The capacity to stop and recover with power is a key to Rafael Nadal's clay-court success.

Photo credit: Roland Garros/FFT

Roland Garros approaches reminding us that even elite players can find red clay a shifting surface that’s challenging to solve.

The foundation for clay-court success is smooth movement and quick recovery.

More: No Roland Garros Wild Card For Sharapova

As a long-time coach, I’ve worked with several players who have gone on to raise Roland Garros title trophies—Andre Agassi, Jim Courier, Maria Sharapova, Monica Seles, Mary Pierce and Iva Majoli—and through these experiences I’ve learned some fundamental truths about the keys to crafting clay-court success.

In this article, we discuss some of the crucial questions to winning on clay as well as answers that will hopefully help you improve your game on the terre battue and gain a greater understanding of why players like nine-time Roland Garros champion Rafael Nadal are so proficient on clay.

Why are some top players ineffective playing on clay?

Technique and movement go together, step by step.
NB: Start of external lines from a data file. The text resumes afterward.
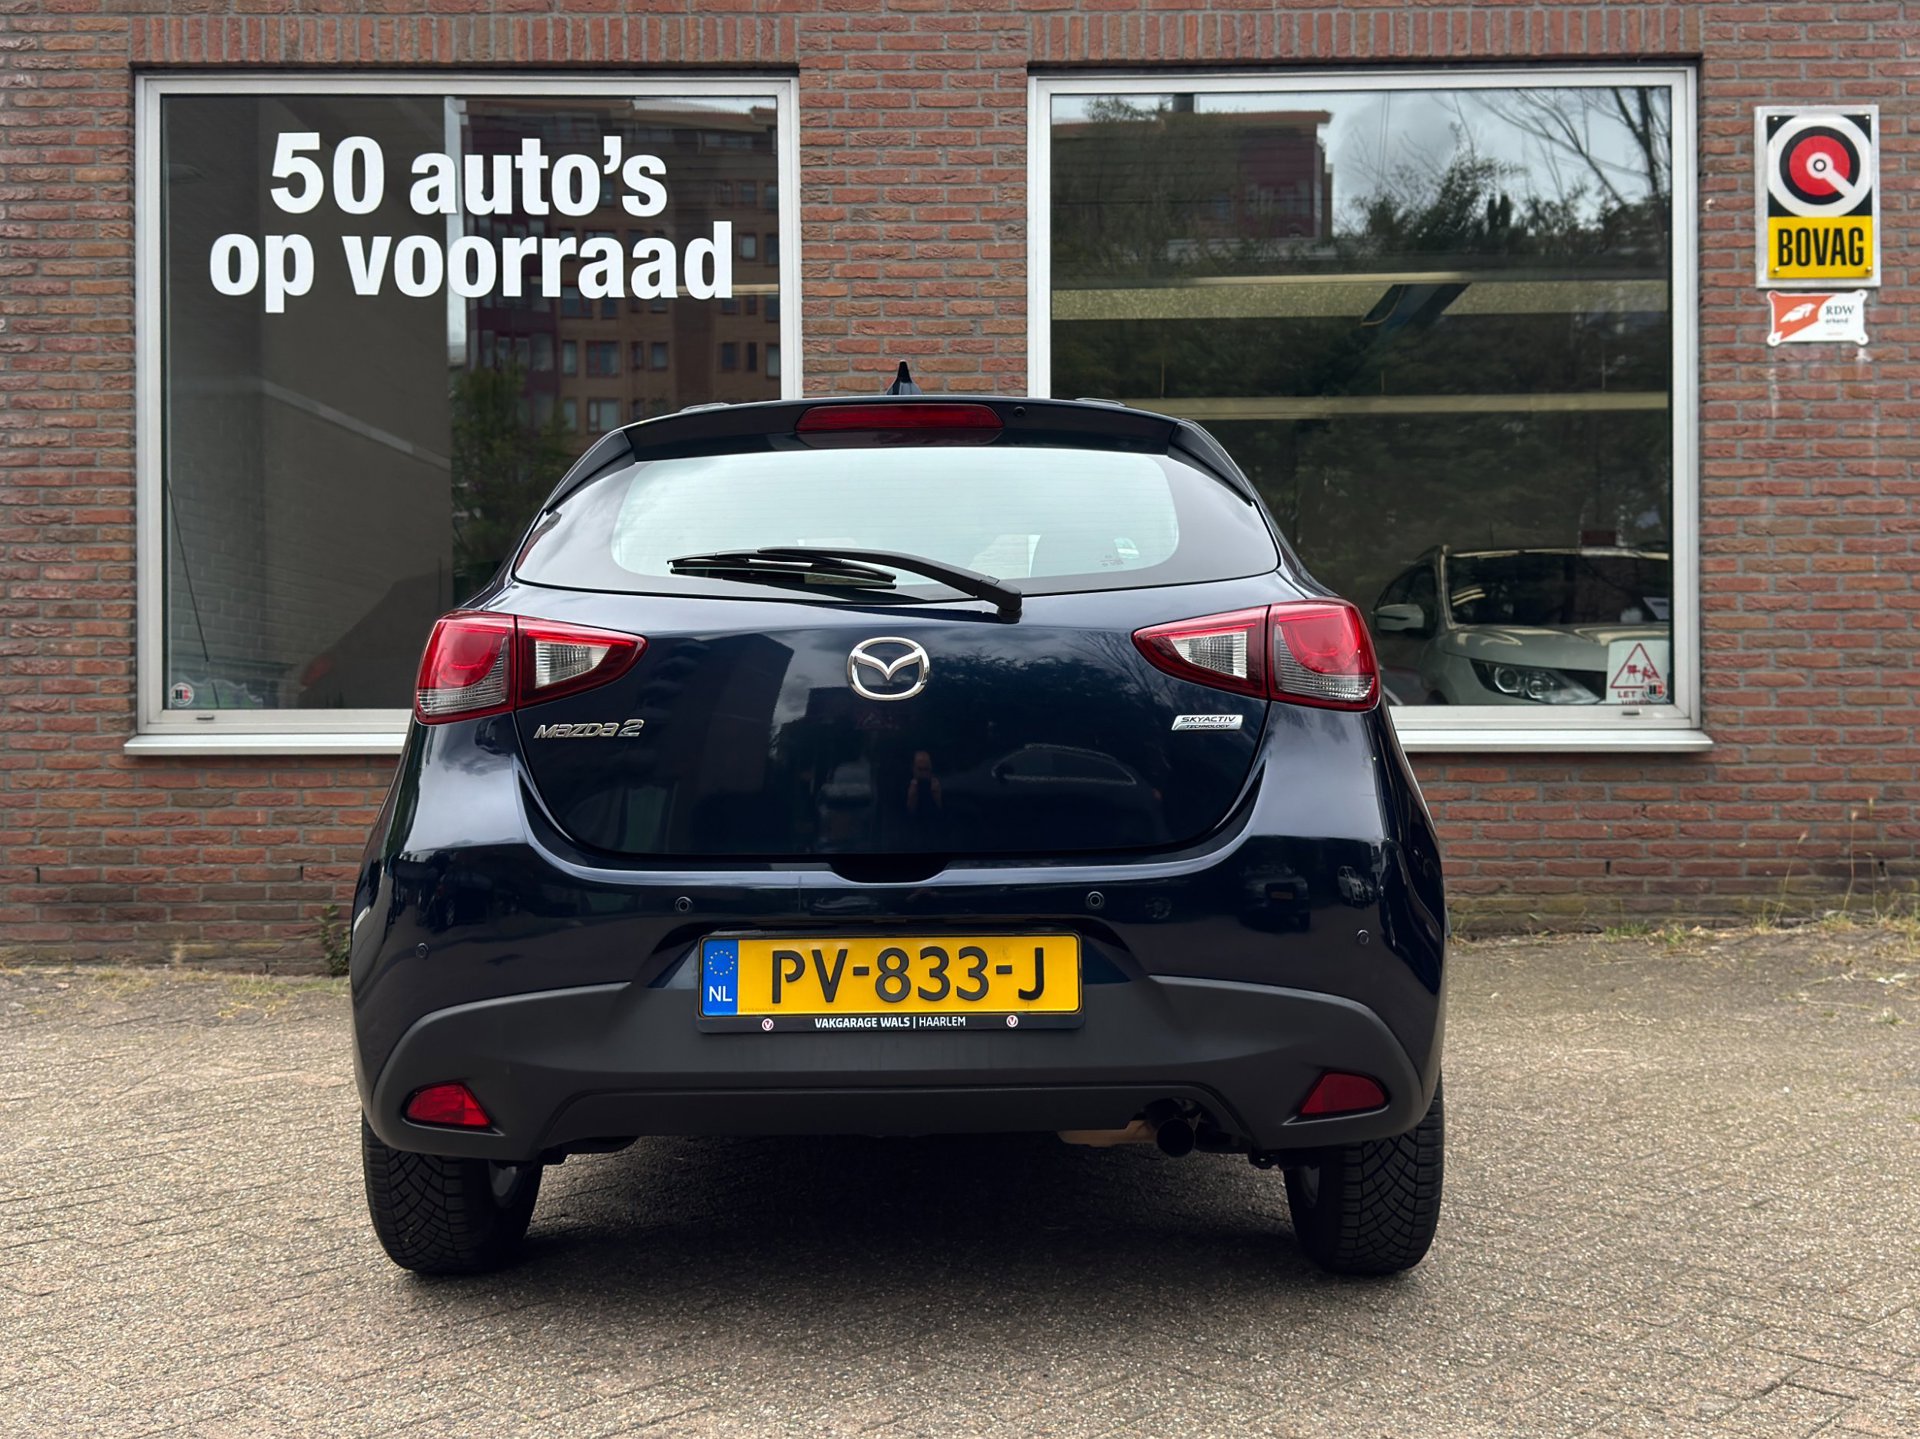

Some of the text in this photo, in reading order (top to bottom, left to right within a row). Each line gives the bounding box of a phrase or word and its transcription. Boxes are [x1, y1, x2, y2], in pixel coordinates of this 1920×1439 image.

[270, 132, 668, 217] 50 auto's
[1777, 227, 1864, 267] BOVAG
[209, 221, 733, 313] op voorraad
[1826, 305, 1855, 315] RDW
[1617, 690, 1637, 698] LET
[617, 719, 645, 737] 2
[771, 946, 1045, 1004] PV-833-J
[709, 986, 732, 1002] NL
[815, 1018, 877, 1028] VAKGARAGE
[880, 1017, 910, 1028] WALS
[919, 1016, 966, 1027] HAARLEM
Watch carefully and you’ll see players that move poorly on clay are more prone to their strokes falling apart—even during preparation. Andy Roddick owned a massive serve and a big forehand, but his backhand was poor. He tried to cover that wing by hitting forehands, which is easier to do on hard court than on clay. On clay, Roddick’s poor court positioning cost him.

Players who have stroke weaknesses are easily exploited on clay. For example, Roddick not only had a poor backhand, but his recovery on the backhand side was inefficient.
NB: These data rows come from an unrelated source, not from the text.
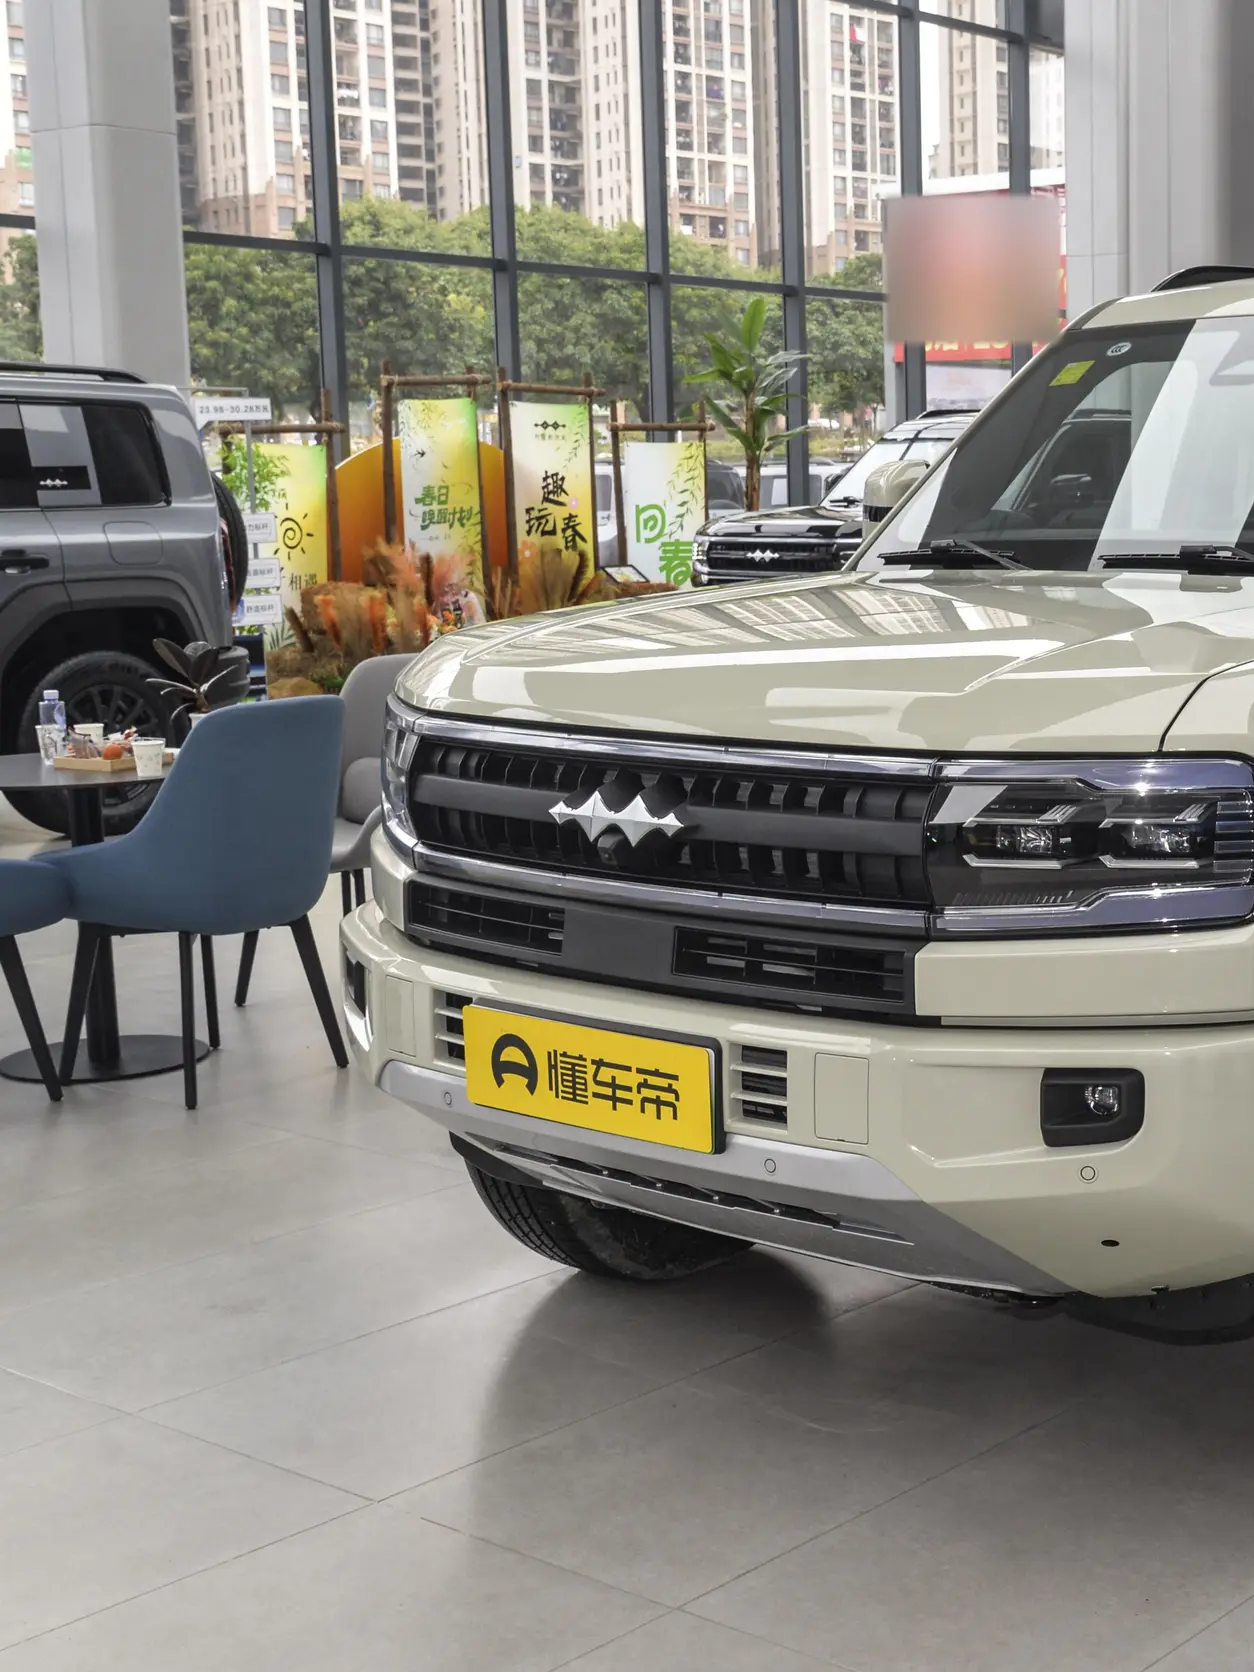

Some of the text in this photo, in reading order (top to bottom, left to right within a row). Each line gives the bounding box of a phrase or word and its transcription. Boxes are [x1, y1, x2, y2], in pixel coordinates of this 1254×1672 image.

[414, 485, 450, 507] 春日
[541, 469, 569, 506] 趣
[420, 506, 473, 532] 唤醒计划
[283, 569, 319, 592] 相遇
[547, 1049, 680, 1120] 懂车帝
Most people talk about the importance of the first step to recover. But they don´t understand that the absolute most vital factor is the capacity to stop and recover with power—this is even more crucial while playing on clay.

Players must learn at an early age how to stop efficiently. Roddick was not slow, but he was extremely inefficient in terms of stopping his movement during the recovery process, particularly on the backhand side, which forced him into defensive positions.

Rafael Nadal can run around his backhand effectively because he moves extremely well and his recovery step is exceptional.



I attribute that full athletic recovery to how well Nadal uses the court on his advantage by stopping strong, sliding, staying low, employing a wide base, using his strong upper body to maintain his balance and having the power to push hard to recover and get ready for the next shot.

The primary reason players struggle on clay is due to poor movement—not because they are not fast—but because they can´t stop efficiently to recover quickly.

How do you coach players who don’t like playing on clay?

Today the ATP has 22 outdoor hard-court tournaments and 21 outdoor clay-court tournaments and most of the 16 indoor tournaments are played on hard court. On the junior circuit, there is a balance between clay and hard-court events, so it is important for the players at an early age to play and gain proficiency on both surfaces.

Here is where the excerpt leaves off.